ある作品に描かれる街は、その街の姿をよく表しているが、池袋を舞台にしたこの作品で都市伝説のような、オカルトがテーマとして選ばれたのにはどのような意味があるのだろうか。
江戸時代の時点で怪異が起こっていた?
実は、池袋の歴史を辿っていくと、そこにはさまざまなオカルティックな出来事が姿を表す。例えば、それは江戸時代の文献に現れている。江戸時代、根岸鎮衛によって編まれた『耳嚢(みみぶくろ)』には、その当時のさまざまな奇談が集められている。
その中に、池袋の女についての話がある。それによると、幕府の役人が池袋出身の下女と通じたところ、家具や食器などが飛び回るという怪現象が起こったという。そこで、この下女を里に返したところ、こうした怪現象がぴたりと止んだのである。
この話は、「池袋の女」として知られ、この本以外の文献にも、似た内容の記述がある。こうした話の真偽は定かではないが、池袋にまつわる記述がこうした怪現象と共に出てくるところを見ると、やはり池袋とオカルトにはどこかしらつながりがあると思えてくる。
「池袋四面塔」が建立された理由は…
池袋で起こる怪異はそれだけではない。池袋駅東口から少し進んだところ、線路脇にひっそりと佇む寺のようなものがある。通称、「池袋四面塔」である。

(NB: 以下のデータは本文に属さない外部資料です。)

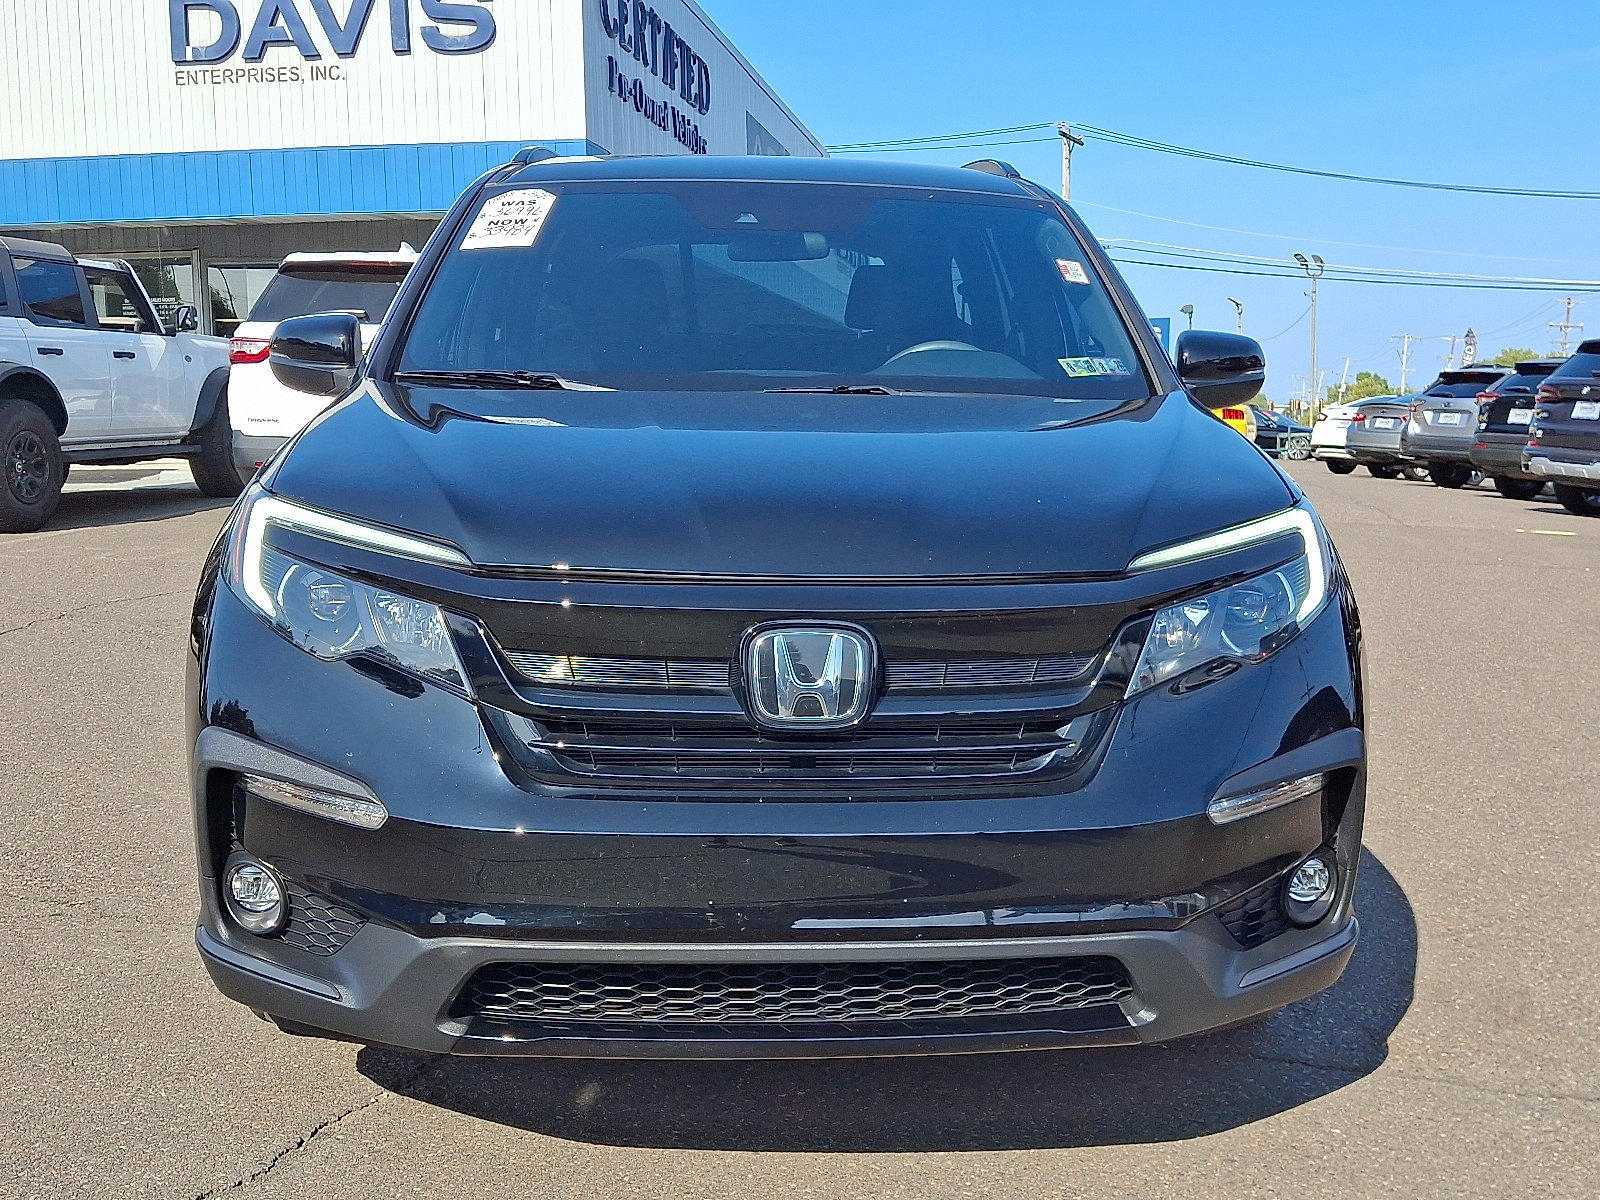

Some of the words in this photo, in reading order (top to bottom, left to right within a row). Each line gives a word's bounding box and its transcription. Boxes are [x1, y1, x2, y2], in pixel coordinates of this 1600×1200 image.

[169, 0, 497, 66] DAVIS
[600, 0, 711, 115] CERTIFIED
[174, 67, 306, 86] ENTERPRISES,
[310, 65, 346, 82] INC.
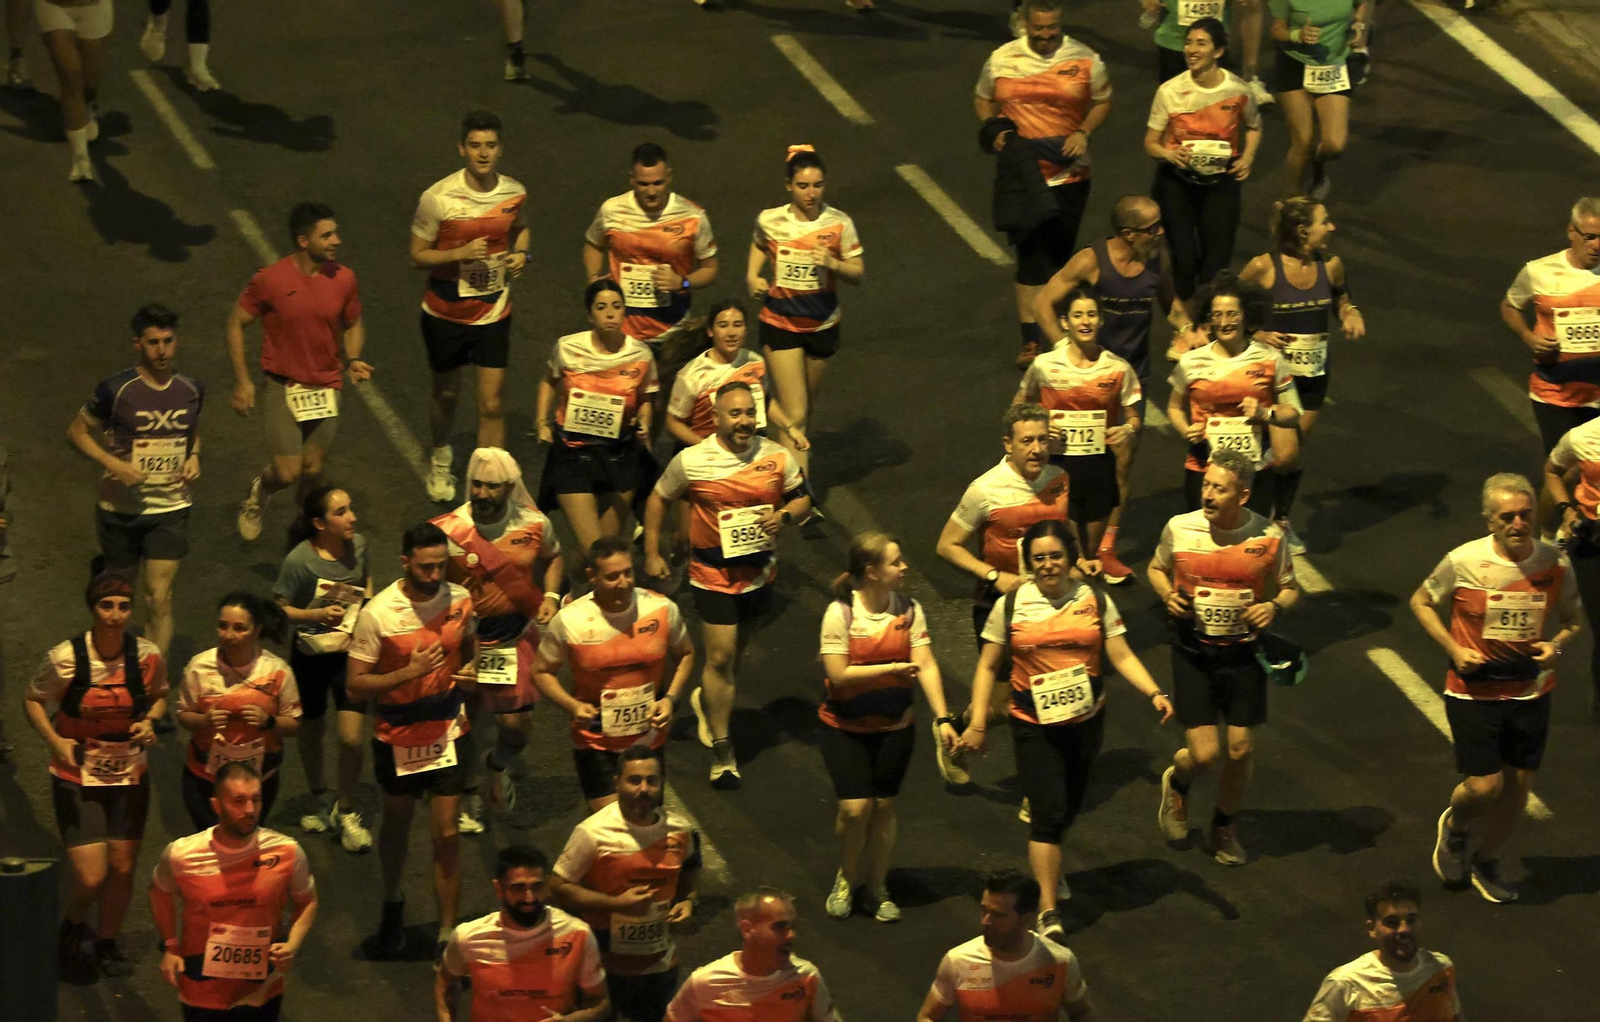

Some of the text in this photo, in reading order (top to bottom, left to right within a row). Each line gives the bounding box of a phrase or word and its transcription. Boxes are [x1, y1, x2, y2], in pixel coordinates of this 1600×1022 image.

[785, 264, 817, 278] 3574
[136, 409, 189, 431] DXC
[573, 408, 615, 425] 13566
[1216, 436, 1251, 450] 5293
[139, 456, 179, 472] 16219
[731, 524, 764, 543] 9592
[1204, 608, 1239, 623] 9593
[1500, 610, 1528, 627] 613
[479, 656, 506, 671] 512
[1039, 686, 1085, 710] 24693
[613, 704, 647, 723] 7517
[211, 945, 262, 964] 20685

周りは繁華街で、一見するとここにあるのが不自然にも思えてくるが、ここにこの四面塔が建てられているのには理由がある。
江戸時代、まだ郊外だった池袋は、夜になると人通りも少なく、暗かった。そんな立地条件が、恐ろしい事件を引き起こした。わずか一晩で17名の命を奪う辻斬り、今でいう通り魔事件が発生したのだ。そのあまりの残虐さを憂いた村民たちがその供養のために作ったのが、この四面塔であった。

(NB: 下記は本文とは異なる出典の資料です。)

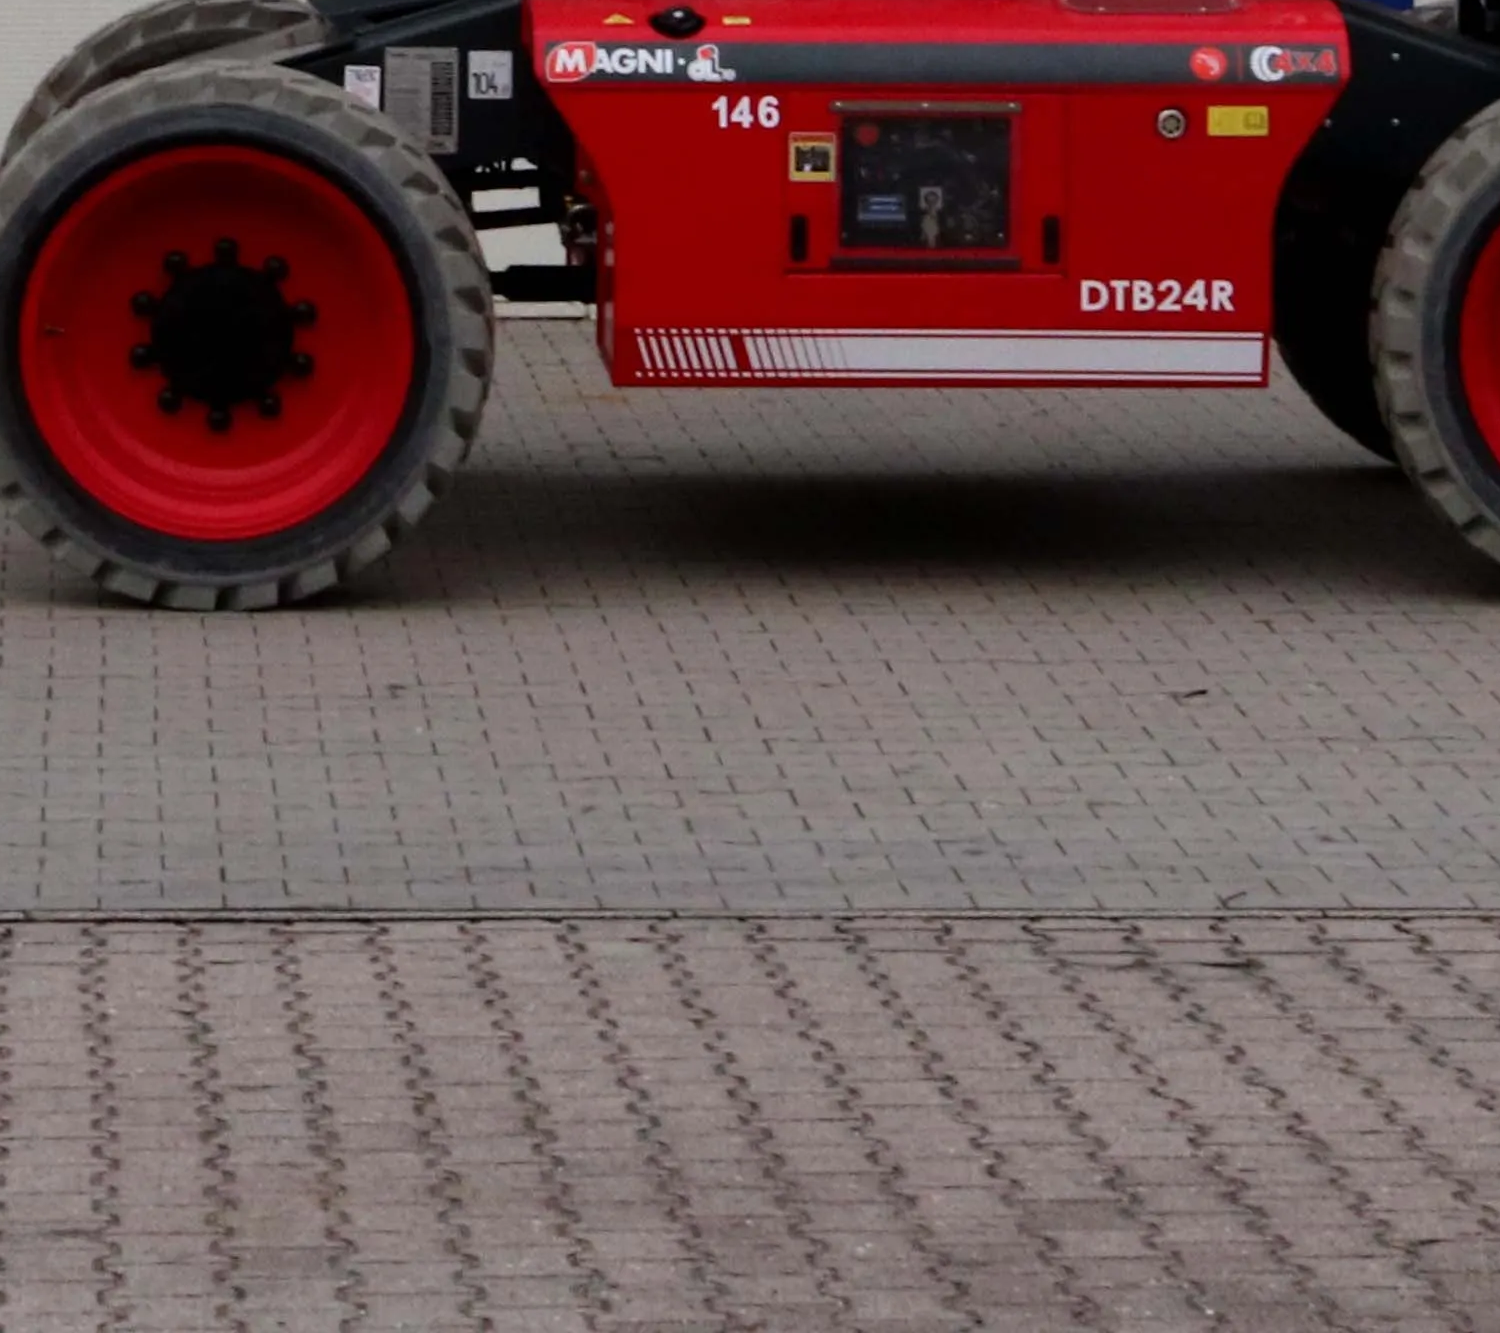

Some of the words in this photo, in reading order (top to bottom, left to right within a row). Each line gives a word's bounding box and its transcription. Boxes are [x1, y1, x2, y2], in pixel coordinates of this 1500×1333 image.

[553, 46, 674, 75] MAGNI
[712, 95, 780, 128] 146
[1080, 279, 1235, 312] DTB24R

その後、この場所ではさまざまな怪異にまつわるエピソードが語られることになる。例えば、この四面塔を邪魔に思った西武グループがその位置を移そうとしたところ、工事関係者の間で負傷者が続出したという。『ルポ池袋 アンダーワールド』(大洋図書)では、こうした土地の記憶と、池袋で起こる通り魔殺人事件を結びつける記述もある。いずれにしても、どこかオカルティックな記憶が池袋には反復して現れているのである。
「処刑場の跡地」が東池袋中央公園に
池袋の怪異は終わらない。
昭和時代の出来事にも話を伸ばしてみよう。太平洋戦争における戦争犯罪者を収容するために作られた施設に「巣鴨プリズン」がある。「巣鴨」といっても、これは昭和時代の土地区分上の呼び名であり、巣鴨プリズンは東池袋の土地にあった。
実は、この巣鴨プリズンの跡地こそ、現在のサンシャインシティである。また、巣鴨プリズンには戦争犯罪人を裁くための処刑場もあったというが、その跡地は、サンシャインシティの横にある東池袋中央公園になっている。そのような記憶を持つ土地だからだろうか、特に東池袋中央公園を中心として、心霊現象の報告が相次いでいる。そこで兵隊の幽霊を見たとか、「ドスン」という謎の音を聞いたであるとか、そうした類の噂話が後を絶たない。
また、「サンシャイン60」という名前の由来が、この処刑場で殺された死刑囚の数にちなんでいる、という都市伝説などもネットでは流布している。こうした噂のほとんどが真実ではないだろうが、実際にここまで心霊現象が報告される場所も、そうないだろう。そのこと自体に興味深さを覚えるし、「池袋」と「オカルト」というテーマが近しいものであることを感じさせる一例だ。
池袋ほど“オカルトと親和性が高い街”はない
また、近年でもこうしたオカルトと池袋を結びつける例がある。
2022年にSUZAKU Gamesが発売したホラーゲーム『SENSEs:Midnight』だ。これは、都市伝説好きの主人公が、「池袋ウォーキングパークの真夜中の扉」を調査するというプロットのゲームで、ここでも「都市伝説」という言葉が池袋の名前と共に出されている。『デュラララ!』の影響もあるのかもしれないが、池袋とオカルトの親和性の高さがここでも見られるのである。
このように、池袋の歴史を追っていくと、さまざまな心霊現象なり怪異現象なりが多く報告されていることがわかる。それぞれの現象が真実なのかどうかはわからない。しかし、一つ言えるのは、ここまでオカルトと親和性が高い街もない、ということである。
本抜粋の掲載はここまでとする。